It is time to wonder if Jerry DiPoto will ever be happy with the roster he has in Seattle. After a long offseason filled with trades, DiPoto pulled off another one in spring training.
It was more of the same. The Mariners let loose a young, former top prospect for a more major league ready player. It seems like a good deal for both teams.
THE MARINERS GET:
Chase De Jong, RHP
(Video courtesy of minorleaguebaseball.)
De Jong is a quality pickup. The Toronto Blue Jays 2012 second round pick got off to a slow start in his career, pitching at the lower levels of A ball his entire time with the Blue Jays. The Los Angeles Dodgers made a move in 2015 to bring the California native home, and he has been the pitcher most expected him to be ever since.
De Jong -- who stands at 6-foot-4 and 205 pounds -- is more polish than power, who relies much more on the command of his curveball and change up, than his fastball. His fastball is effective, however, settling in between 88 to 92 miles per hour. It isn’t the speed, but the location, as De Jong can put any of his pitches seemingly wherever he wants to.
He had a phenomenal 2016, earning Texas League Pitcher of the Year honors. He led the league in wins, going 14-5, behind a league-best 1.02 WHIP and a 2.86 ERA that was best amongst full-time starters. He posted a very respectable 125-to-39 strikeout-to-walk ratio over 141.2 innings and earned himself a late season invite to Triple-A.
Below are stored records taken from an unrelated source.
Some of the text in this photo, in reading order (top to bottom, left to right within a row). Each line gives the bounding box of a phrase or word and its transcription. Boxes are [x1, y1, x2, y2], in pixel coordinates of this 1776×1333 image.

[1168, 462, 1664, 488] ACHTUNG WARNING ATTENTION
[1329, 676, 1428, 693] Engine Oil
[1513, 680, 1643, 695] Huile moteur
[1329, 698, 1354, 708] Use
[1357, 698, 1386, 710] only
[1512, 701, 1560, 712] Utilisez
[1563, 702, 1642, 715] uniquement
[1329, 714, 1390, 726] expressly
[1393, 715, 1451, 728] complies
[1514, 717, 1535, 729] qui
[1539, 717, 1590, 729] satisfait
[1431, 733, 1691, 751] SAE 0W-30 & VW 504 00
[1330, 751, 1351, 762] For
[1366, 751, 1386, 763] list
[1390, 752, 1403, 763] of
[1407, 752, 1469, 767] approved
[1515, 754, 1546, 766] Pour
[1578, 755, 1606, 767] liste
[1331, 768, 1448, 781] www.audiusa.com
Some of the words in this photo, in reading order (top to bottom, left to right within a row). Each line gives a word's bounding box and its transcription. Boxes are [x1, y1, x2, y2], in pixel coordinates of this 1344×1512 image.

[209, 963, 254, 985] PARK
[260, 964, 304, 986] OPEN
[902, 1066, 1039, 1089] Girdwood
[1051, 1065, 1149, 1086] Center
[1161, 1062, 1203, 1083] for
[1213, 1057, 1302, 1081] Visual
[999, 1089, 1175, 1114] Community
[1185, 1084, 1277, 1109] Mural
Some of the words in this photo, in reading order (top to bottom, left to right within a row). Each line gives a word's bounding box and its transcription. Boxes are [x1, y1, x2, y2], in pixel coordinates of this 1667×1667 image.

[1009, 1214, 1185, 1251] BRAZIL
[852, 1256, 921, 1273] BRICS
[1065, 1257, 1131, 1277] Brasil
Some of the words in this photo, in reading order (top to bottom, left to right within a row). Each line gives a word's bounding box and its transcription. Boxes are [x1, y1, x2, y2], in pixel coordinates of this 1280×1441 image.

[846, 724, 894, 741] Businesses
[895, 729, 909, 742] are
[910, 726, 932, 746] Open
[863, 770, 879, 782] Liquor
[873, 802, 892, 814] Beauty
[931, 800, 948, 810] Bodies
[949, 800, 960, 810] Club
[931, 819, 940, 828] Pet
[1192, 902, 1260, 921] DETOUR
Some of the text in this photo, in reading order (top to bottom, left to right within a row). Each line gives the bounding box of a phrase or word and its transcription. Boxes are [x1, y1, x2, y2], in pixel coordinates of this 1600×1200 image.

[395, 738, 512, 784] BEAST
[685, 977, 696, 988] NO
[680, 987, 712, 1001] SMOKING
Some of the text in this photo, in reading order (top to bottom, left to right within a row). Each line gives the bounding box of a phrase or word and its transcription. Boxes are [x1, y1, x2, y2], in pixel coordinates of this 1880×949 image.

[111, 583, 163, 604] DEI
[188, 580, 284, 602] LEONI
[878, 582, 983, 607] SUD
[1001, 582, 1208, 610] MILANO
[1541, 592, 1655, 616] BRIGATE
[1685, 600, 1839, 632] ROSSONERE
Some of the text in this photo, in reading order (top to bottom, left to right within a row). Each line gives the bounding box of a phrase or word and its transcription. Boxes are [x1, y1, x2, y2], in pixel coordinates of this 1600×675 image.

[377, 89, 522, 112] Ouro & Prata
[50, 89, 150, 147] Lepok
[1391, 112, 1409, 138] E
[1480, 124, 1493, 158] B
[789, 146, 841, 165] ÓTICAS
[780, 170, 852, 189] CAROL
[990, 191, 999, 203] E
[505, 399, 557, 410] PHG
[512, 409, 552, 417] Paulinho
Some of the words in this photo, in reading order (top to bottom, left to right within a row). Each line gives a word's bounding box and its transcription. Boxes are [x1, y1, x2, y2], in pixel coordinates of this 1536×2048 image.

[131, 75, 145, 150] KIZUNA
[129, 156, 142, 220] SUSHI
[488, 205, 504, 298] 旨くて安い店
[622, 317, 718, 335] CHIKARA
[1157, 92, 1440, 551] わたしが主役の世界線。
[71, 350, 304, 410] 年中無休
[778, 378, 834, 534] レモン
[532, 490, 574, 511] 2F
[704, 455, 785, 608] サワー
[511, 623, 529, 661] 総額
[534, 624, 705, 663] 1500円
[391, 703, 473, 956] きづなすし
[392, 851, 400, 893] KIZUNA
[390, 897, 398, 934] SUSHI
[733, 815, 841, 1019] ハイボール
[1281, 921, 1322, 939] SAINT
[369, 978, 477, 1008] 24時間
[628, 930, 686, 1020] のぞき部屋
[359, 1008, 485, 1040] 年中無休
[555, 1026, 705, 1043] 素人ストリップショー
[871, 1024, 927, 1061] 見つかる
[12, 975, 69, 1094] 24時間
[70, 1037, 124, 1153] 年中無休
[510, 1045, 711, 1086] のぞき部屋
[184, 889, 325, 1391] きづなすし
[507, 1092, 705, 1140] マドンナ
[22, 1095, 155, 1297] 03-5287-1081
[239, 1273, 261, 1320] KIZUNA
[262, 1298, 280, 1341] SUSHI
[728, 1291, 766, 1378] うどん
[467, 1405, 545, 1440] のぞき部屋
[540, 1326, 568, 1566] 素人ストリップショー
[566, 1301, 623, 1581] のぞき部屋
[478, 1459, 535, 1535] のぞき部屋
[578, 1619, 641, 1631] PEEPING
The primary concern with the 23 year old is his extreme fly ball rate, posting a career 0.69 ground out to air out rate. While SafeCo isn’t as pitcher friendly as it once was, he should still be able to be an effective back-end of the rotation pitcher, likely getting a shot to show what he can do this season.
THE DODGERS GET:
Drew Jackson, SS
(Video courtesy of 2080 Baseball)
Coming off an impressive 2015 debut, Jackson became one of my 2016 prospects to watch. Unfortunately for Jackson it did not go well.
Jackson was drafted in the fifth round out of Stanford by the Mariners in the 2015 draft. His 59 game debut in the Northwest League was superb. He slashed .358/.432/.447 with 12 doubles and two home runs. He showed of his top-notch speed, going 47-for-51 in stolen base attempts.
Expectations were high as he flew to the top of Mariners’ prospect lists, however they should have been tempered. Jackson never had a season that great in his Stanford career.
He returned to reality in 2016. While he saw an increase in his power, so do many a prospect in the California League. Jackson’s numbers are likely what can be expected from him. While they aren’t great, they could help become a solid utility player sooner than later. He slashed .258/.332/.345 with 24 doubles, six home runs and 16 stolen bases.
Jackson has above-average speed and seems to have knowledge on the base paths. He has a very good arm, and despite some haphazard errors, he could very well stick at shortstop. Not the best predicament to be in with Corey Seager ahead of him.
Aneurys Zabala, RHP
(Video courtesy of FanGraphs.)
Zabala is the 20-year old righty that the Mariners signed out of the Dominican Republic in 2013. He has yet to pitch above Rookie ball, but has shown some nice qualities thus far in his career.
He is 6-foot-2 and 175 pounds, so there is room to grown into his frame, which is still possible at 20. A little more bulk and his 99 mile per hour fastball becomes even more enticing. His secondary offering is a curve ball that sits in the low to mid-80s.
The reason Zabala has yet to advance beyond Rookie ball is his control. As a reliever with just two pitches, he needs to be able to command the strike zone better. He has yet to do so in his three years, posting a 6.33, 4.63 and 5.40 walks-per-nine over those seasons.
Zabala is very raw and has a long way to go. But as the throw-in on the deal, there is always enough to like about a 20 year old that can hit 99 on the radar gun.